Pharmazie
Die Ursodeoxycholsäure hat eine steile Karriere hinter sich. Zunächst
zur medikamentösen Therapie bei Gallensteinen eingesetzt, ist die
endogene Gallensäure inzwischen Mittel der Wahl bei allen Erkrankungen
mit cholestatischer Komponente. Darüber hinaus gibt es erste Hinweise
darauf, daß Ursodeoxycholsäure in das Wechselspiel zwischen
Zellerneuerung und Apoptose eingreift und möglicherweise präventiv beim
Kolonkarzinom wirkt.
Immer noch herrscht unter Wissenschaftlern großes Rätselraten darüber, wie
Ursodeoxycholsäure (UDC) wirkt. UDC beeinflußt den Gallensäurepool und fördert
die Ausscheidung aggressiver Gallensäuren wie Chenodeoxycholsäure. Gleichzeitig
werden toxische Metabolite und direkte Toxine über die forcierte
Gallenausscheidung rascher eliminiert. Beides zusammen mindert schädigende
Einflüsse auf die Hepatozyten und könnte erklären, wieso UDC bei Patienten mit
cholestatischer Lebererkrankung lebensverlängernd wirkt, so Professor Dr. Gustav
Paumgartnern aus München.
Zwar sei der genaue Wirkmechanismus noch ungeklärt, UDC habe sich aber bislang
als einzige wirksame Therapieform neben der Transplantation bei cholestatischen
Lebererkrankungen wie der primär biliären Zirrhose etabliert. Es bessere die
Symptome und Laborparameter. Der Zeitpunkt einer Lebertransplantation könne
deutlich hinausgezögert werden, erklärte der Mediziner bei einem internationalen
Symposium der Falk Foundation in Titisee.

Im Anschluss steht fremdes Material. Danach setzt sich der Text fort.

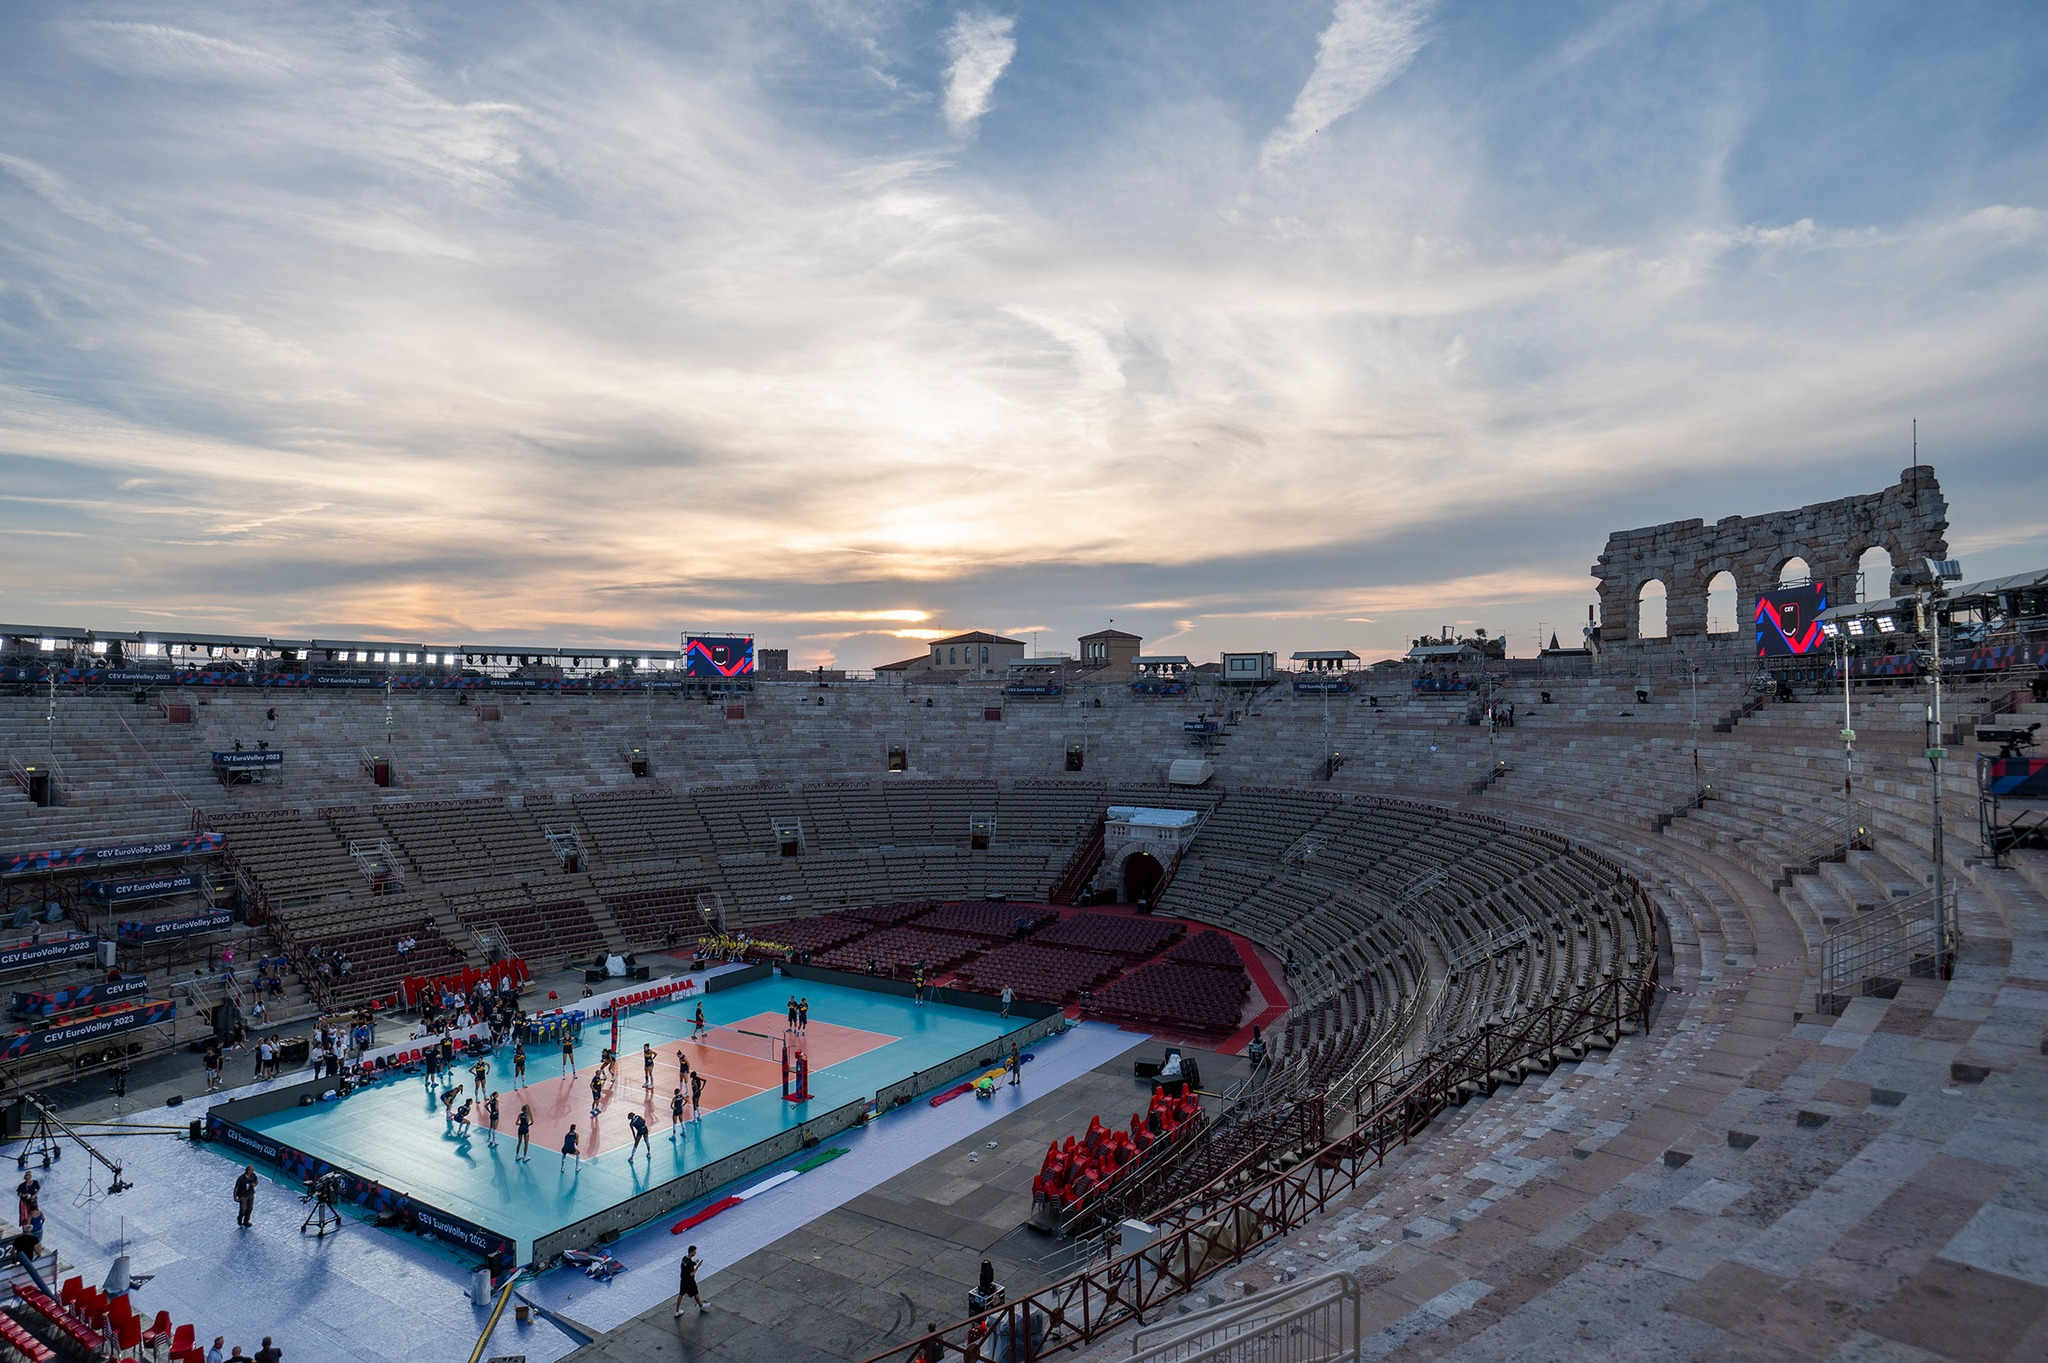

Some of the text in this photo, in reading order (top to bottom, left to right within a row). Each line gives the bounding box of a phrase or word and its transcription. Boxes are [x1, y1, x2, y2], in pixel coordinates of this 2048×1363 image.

[114, 846, 152, 856] EuroVolley
[116, 878, 191, 894] CEV EuroVolley 2023
[155, 916, 230, 933] CEV EuroVolley 2023
[1, 942, 90, 963] CEV EuroVolley 2023
[106, 984, 124, 994] CEV
[44, 1015, 134, 1043] CEV EuroVolley 2023
[228, 1129, 276, 1156] CEV EuroVolley 2023
[418, 1212, 487, 1248] CEV EuroVolley 2023

Die Wissenschaftler stellten im Schwarzwald neue wissenschaftlichen Daten zur
UDC vor. Tierexperimentelle Studien, die Professor Thomas A. Brasitus aus
Chicago präsentierte, zeigen, daß die Gallensäure neben nichtsteroidalen
Antirheumatika und Mesalazin der Entstehung eines kolorektalen Karzinoms
vorbeugen kann. Ratten, denen UDC unter das Futter gemischt wurde, entwickelten
seltener ein Karzinom als Kontrolltiere.
Die Untersuchung habe die Diskussion, wie Gallensäure wirkt, erneut belebt. Die
Forscher glauben, daß UDC in das komplexe Gleichgewicht zwischen
Zellerneuerung und Apoptose eingreift und das Absterben älterer Zellen in der
Dickdarmschleimhaut stimuliert, berichtete Professor Dr. Wolf Schmiegel aus
Bochum.
Als gewagt bezeichneten anwesende Wissenschaftler dagegen eine neue Theorie von
Professor Dr. Alan Hofmann aus San Diego: Er stellte in Titisee neue
Untersuchungen vor, wonach UDC die Aufnahme und Akkumulation von
Gallensäuren in Zellorganellen und hier insbesondere in Mikrosomen hemmt.
Hofmann: "Ursodeoxycholsäure scheint eine regelrechte Organellen-Blockade zu
bewirken, auch das könnte seine zytoprotektiven Eigenschaften erklären."